Maryland will offer tax credits for its residents to buy electric cars like the Chevy Volt
Maryland’s Governor, Martin O’Malley, has unveiled a new Clean Energy Agenda that targets fresh incentives for solar power, electric cars and a big push for offshore wind.
The Governor’s 2010 Energy Agenda seeks to create jobs in the state and will include a continuation of the renewable energy tax credits scheme that had been due to close at the end of the year.
The scheme allows businesses financial support to switch towards sourcing their own renewable energy.
Other legislation proposed within the agenda includes a plan to accelerate Maryland’s solar Renewable Portfolio Standard, and set new incentives for the use of electric cars as they become commercially available.
The Governor also wants to develop offshore wind energy legislation to establish a suitable framework with which to encourage the development of offshore wind farms.
Governor O’Malley explained: “Each element of our energy agenda is structured to provide resources and incentives for our families and workforce, create jobs, and fuel innovation as we continue to strive for a Maryland that is truly Smart, Green and Growing.”
The Energy Agenda’s proposals for solar include accelerating the solar Renewable Portfolio Standard requirements from 2011 to 2017 – essentially requiring power utilities to support more solar schemes more quickly.
The Solar RPS will be more evenly phased in over the next decade under the plan, providing more long-term support for the state’s solar industry, with targets more in line with New Jersey and Delaware.
Gov O’Malley said the current renewable energy production tax credit, which had been due to expire at the end of 2010, would instead continue with the existing program cap of $25 million.

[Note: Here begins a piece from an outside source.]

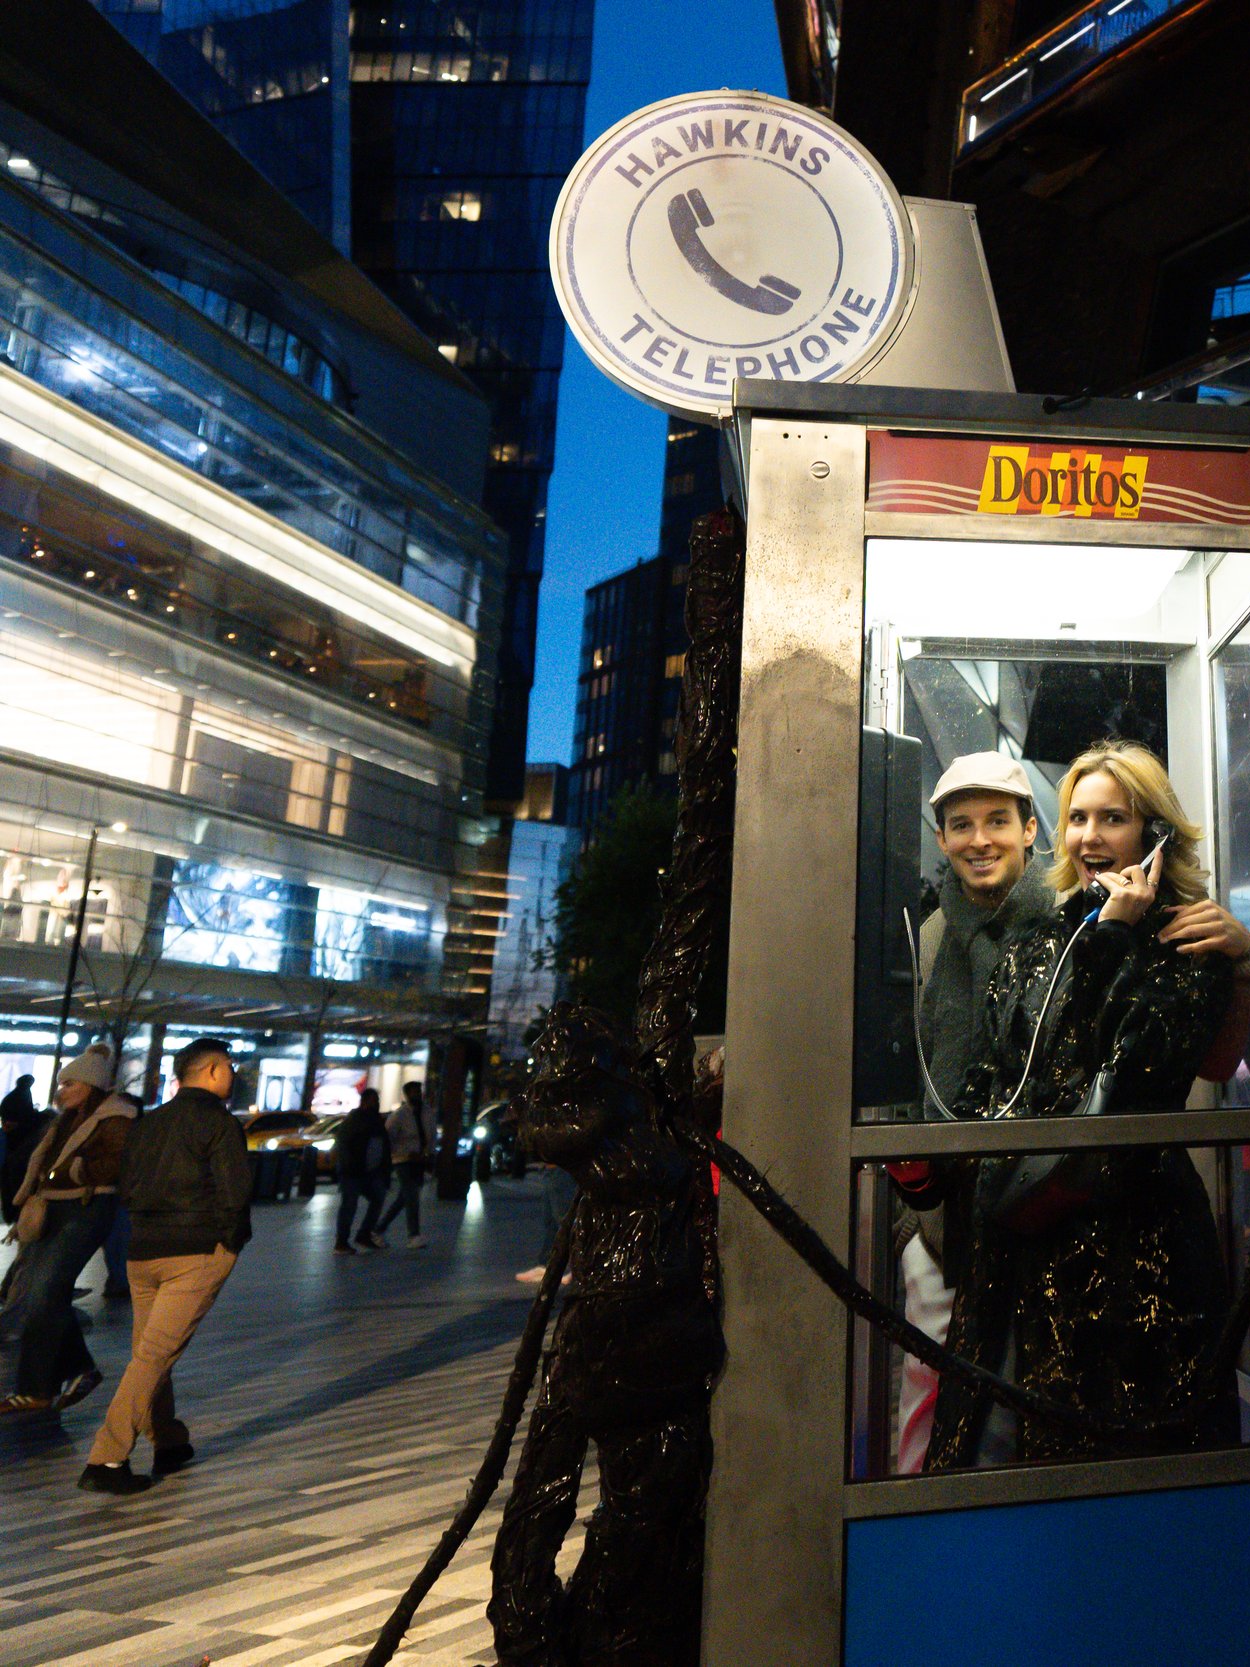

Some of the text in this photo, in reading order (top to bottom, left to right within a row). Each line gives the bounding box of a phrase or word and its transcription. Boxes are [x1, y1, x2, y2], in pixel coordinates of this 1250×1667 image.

The scheme offers Marylanders a state income tax credit of around 0.85 cents per kilowatt-hour (kWh) of renewable power they generate, or 0.5 cents per kWh for co-firing projects, up to a $2.5 million sum.

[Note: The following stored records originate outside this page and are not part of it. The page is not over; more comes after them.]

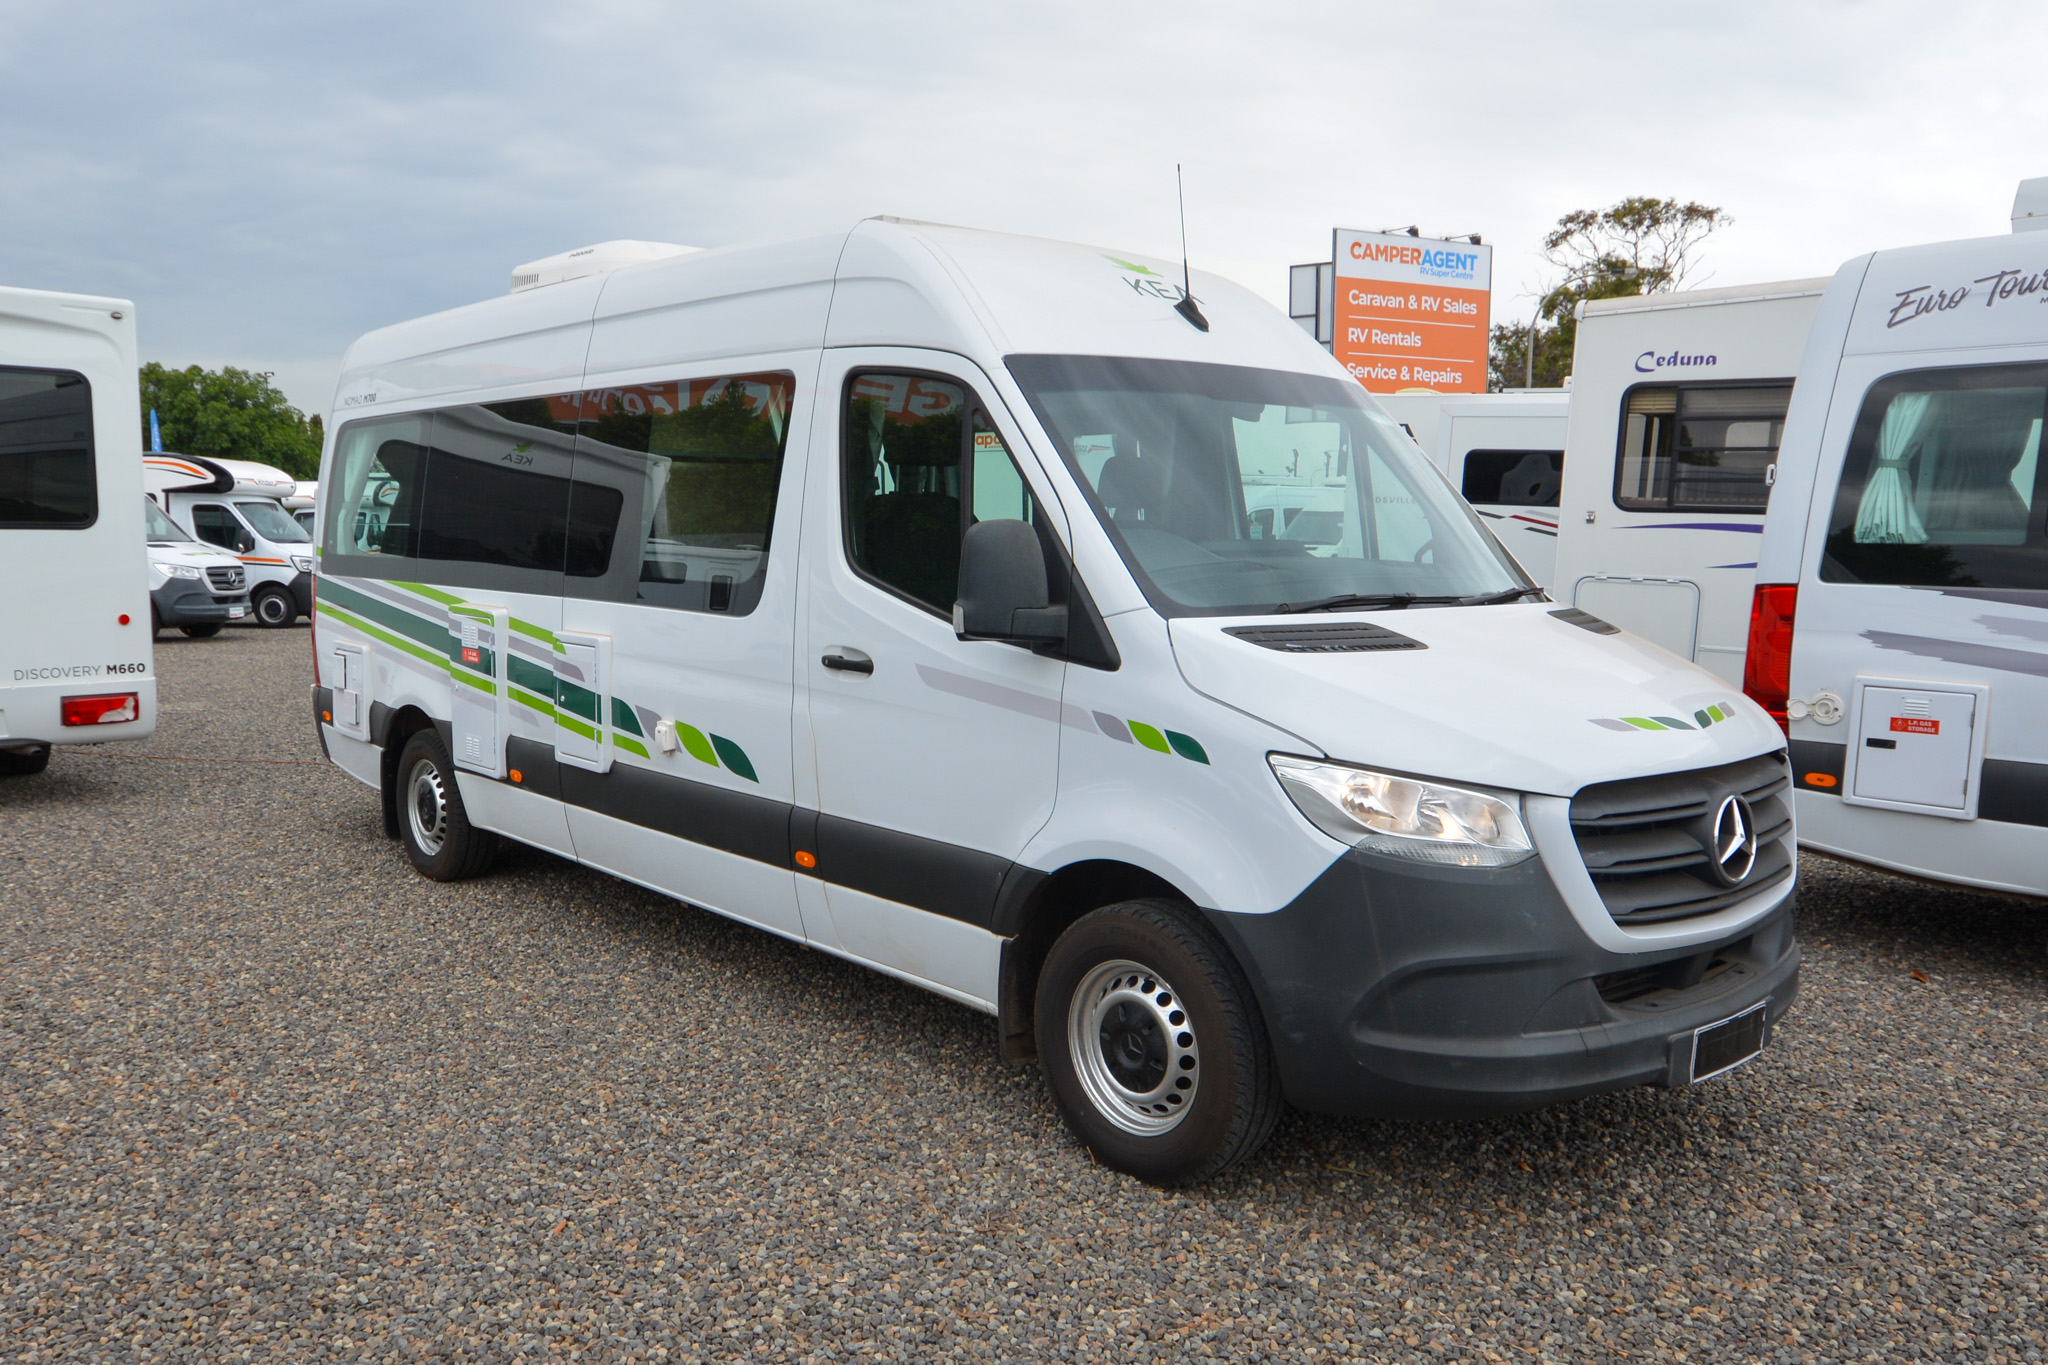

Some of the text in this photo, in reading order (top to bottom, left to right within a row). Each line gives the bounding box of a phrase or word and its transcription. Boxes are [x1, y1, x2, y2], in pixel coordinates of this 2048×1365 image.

[1350, 241, 1478, 271] CAMPERAGENT
[1420, 266, 1474, 280] RV Super Centre
[1348, 289, 1478, 315] Caravan & RV Sales
[1887, 285, 1971, 328] Euro
[1348, 327, 1422, 347] RV Rentals
[1634, 350, 1718, 373] Ceduna
[1346, 362, 1463, 386] Service & Repairs
[13, 662, 146, 681] DISCOVERY M660

Those using electric vehicles like the forthcoming Chevy Volt, or expected models from Chrysler, Nissan, Ford or Toyota, would be eligible for tax credits under the Energy Agenda proposals.

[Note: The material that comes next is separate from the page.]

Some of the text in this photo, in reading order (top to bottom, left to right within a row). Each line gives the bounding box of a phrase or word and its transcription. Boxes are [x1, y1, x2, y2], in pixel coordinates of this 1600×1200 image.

These credits would be made against the vehicle excise tax upon purchase of the vehicle, and could be as much as $2,000 per vehicle.
The scheme would operate for three years, limited to one application per individual or 10 per business. The Governor’s officials believe the scheme will cost around $279,000 in the first year, 2011, and will be funded from the Regional Greenhouse Gas Initiative.
Electric vehicles will cut petroleum use and greenhouse gas emissions, and increase the State’s and the nation’s energy independence while lowering fuel costs and improving air quality, the Governor believes.
The other main strand of the Governor’s energy plans includes setting up an effective regulatory framework for offshore wind development.
This will plug gaps in the existing regulations in this area, paving the way for formal offshore wind energy proposals to come forward.
It will include proposals to clarify the Public Service Commission’s work regulating transmission lines bringing power ashore from offshore wind farms. One aspect will be to amend beach erosion controls to allow the construction of submerged or buried power cables under certain conditions.
Energy Administration Director Malcolm Woolf said of the 2010 Energy Agenda: “Together with Governor O’Malley, we are focused on helping empower families and businesses take charge of their energy use, while moving towards a more green energy economy.
“This means creating legislation to support renewable energy programs, create green jobs, and promote the expansion of new technologies such as plug-in vehicles and the development of off-shore wind.”